Carpenter was painted in 1701 by Robert Byng, a pupil of Sir Godfrey Kneller. Byng also painted a portrait of Craven's two sons William and Fulwar, both of whom went on to inherit the Craven barony. Not much is known about the second Baron Craven, the grandson of a cousin of the first Earl. He was 29 when he succeeded to the Craven estates and to the barony but not the earldom. His main seat was at Combe Abbey and according to Penelope Stokes' invaluable book "Craven Country" a contemporary described him as "fat and fair, fond of field sports and the bottle." He was a typical Tory squire of his day. He married Elizabeth Skipwith, sister of Sir Fulwar Skipwith of Newbold Hall, another Warwickshire landowner. She died in childbirth. William held the traditional offices of High Steward of Newbury and Lord Lieutenant of Berkshire.


William commissioned a survey of all his estates, of which there were twenty six (!) listing the tenants and their leases. At this time the Uffington estate, of which Ashdown was the big house, was one of the largest of his holdings.

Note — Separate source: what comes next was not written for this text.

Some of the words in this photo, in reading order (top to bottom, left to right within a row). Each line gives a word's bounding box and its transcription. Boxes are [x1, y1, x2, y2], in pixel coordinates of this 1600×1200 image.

In the painting, Carpenter is held by Lord Craven's black page. It seems likely that Lord Craven, who was a Lord Proprietor of Carolina, brought some of his household slaves to Britain to work as servants. From the late 17th century a black page was a fashionable accessory in many aristocratic households. At the end of the 18th century the First Earl of Craven of the 2nd Creation is recorded as having at least one male black servant working at Hamstead Marshall.

4 comments:

Minerva Black said...

I love the way you continue to find history of Ashdown House and it's owners. This is a lovely painting and Carpenter is certainly a handsome hunter. It is a shame that the painting was sold, it is always nice to have the items that orginally furnished these houses intact. But of curse so many are sold through history.

Minerva x

Nicola Cornick said...

Thank you, Minerva. Yes, a lot of the Craven Collection was sold and split up but I think we are very lucky still to have such a wonderful portrait collection in the house.

whitehorsepilgrim said...

He is an attractive horse. The small racing-style saddle is interesting - I doubt whether his owner hunted in such tack. (Especially not if he was fat.) His cropped tail is curious too, as is the stylised "mountain" landscape.

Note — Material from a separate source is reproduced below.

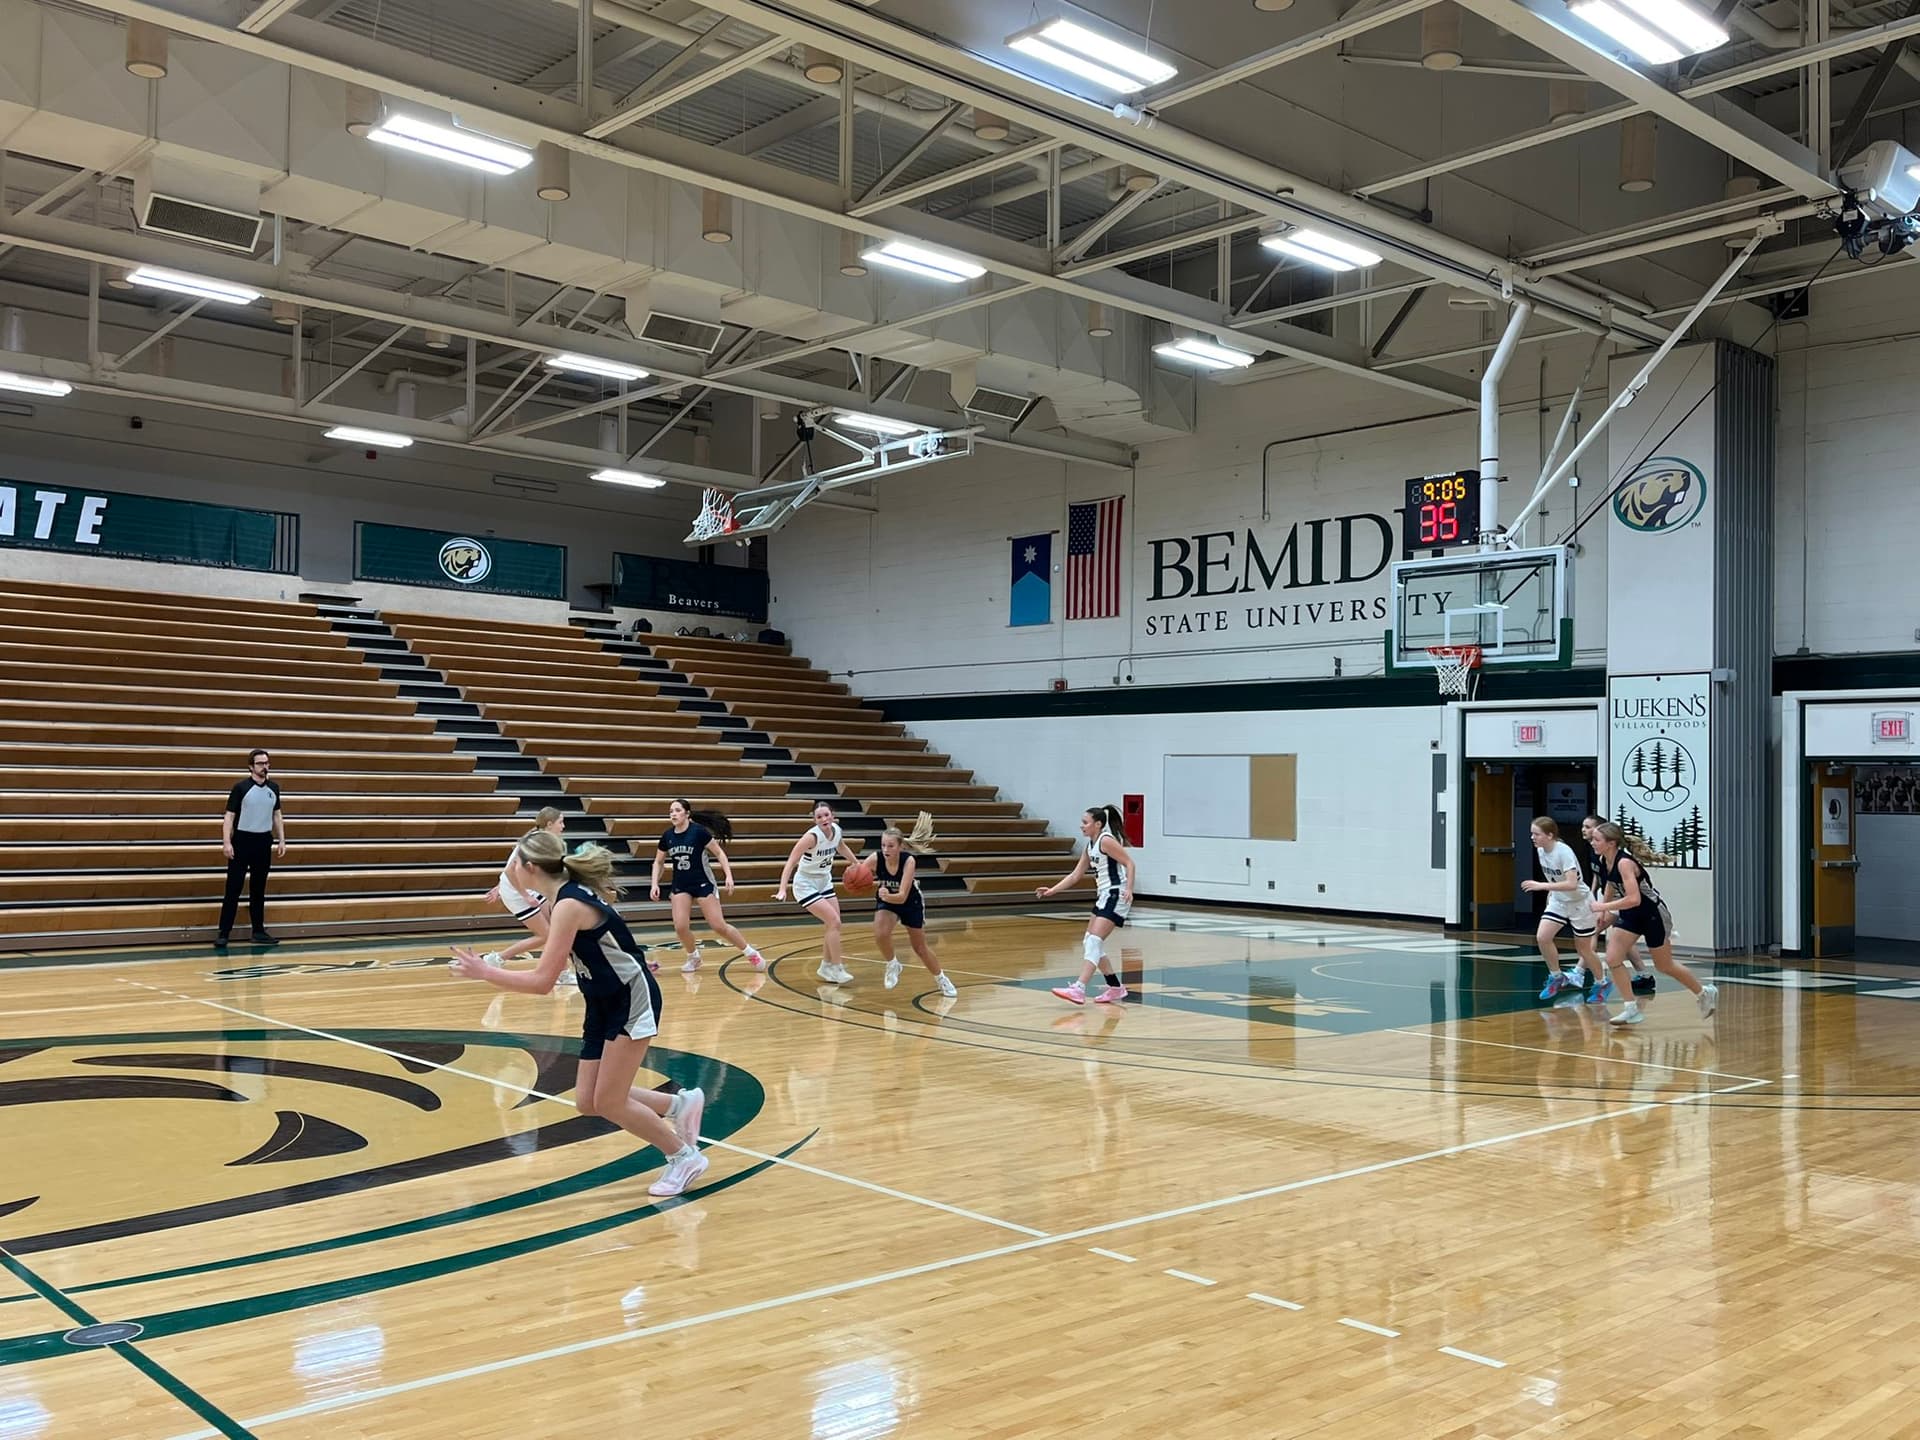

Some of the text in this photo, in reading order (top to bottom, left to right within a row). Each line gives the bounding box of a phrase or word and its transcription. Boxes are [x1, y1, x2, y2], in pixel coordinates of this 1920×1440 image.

So, Ashdown House is another National Trust property associated with black slavery. It would be nice to think that the imported individuals were elevated to servants and free citizens in Britain. However the painting adds a sense of context - pretty as the house and grounds are, at least one owner profited from an evil institution. Not everything about the property is picturesque.

Nicola Cornick said...

A very interesting insight into the details of the horse and painting, whitehorsepilgrim, thank you. Yes, Ashdown, like many other grand houses, has its connections to slavery.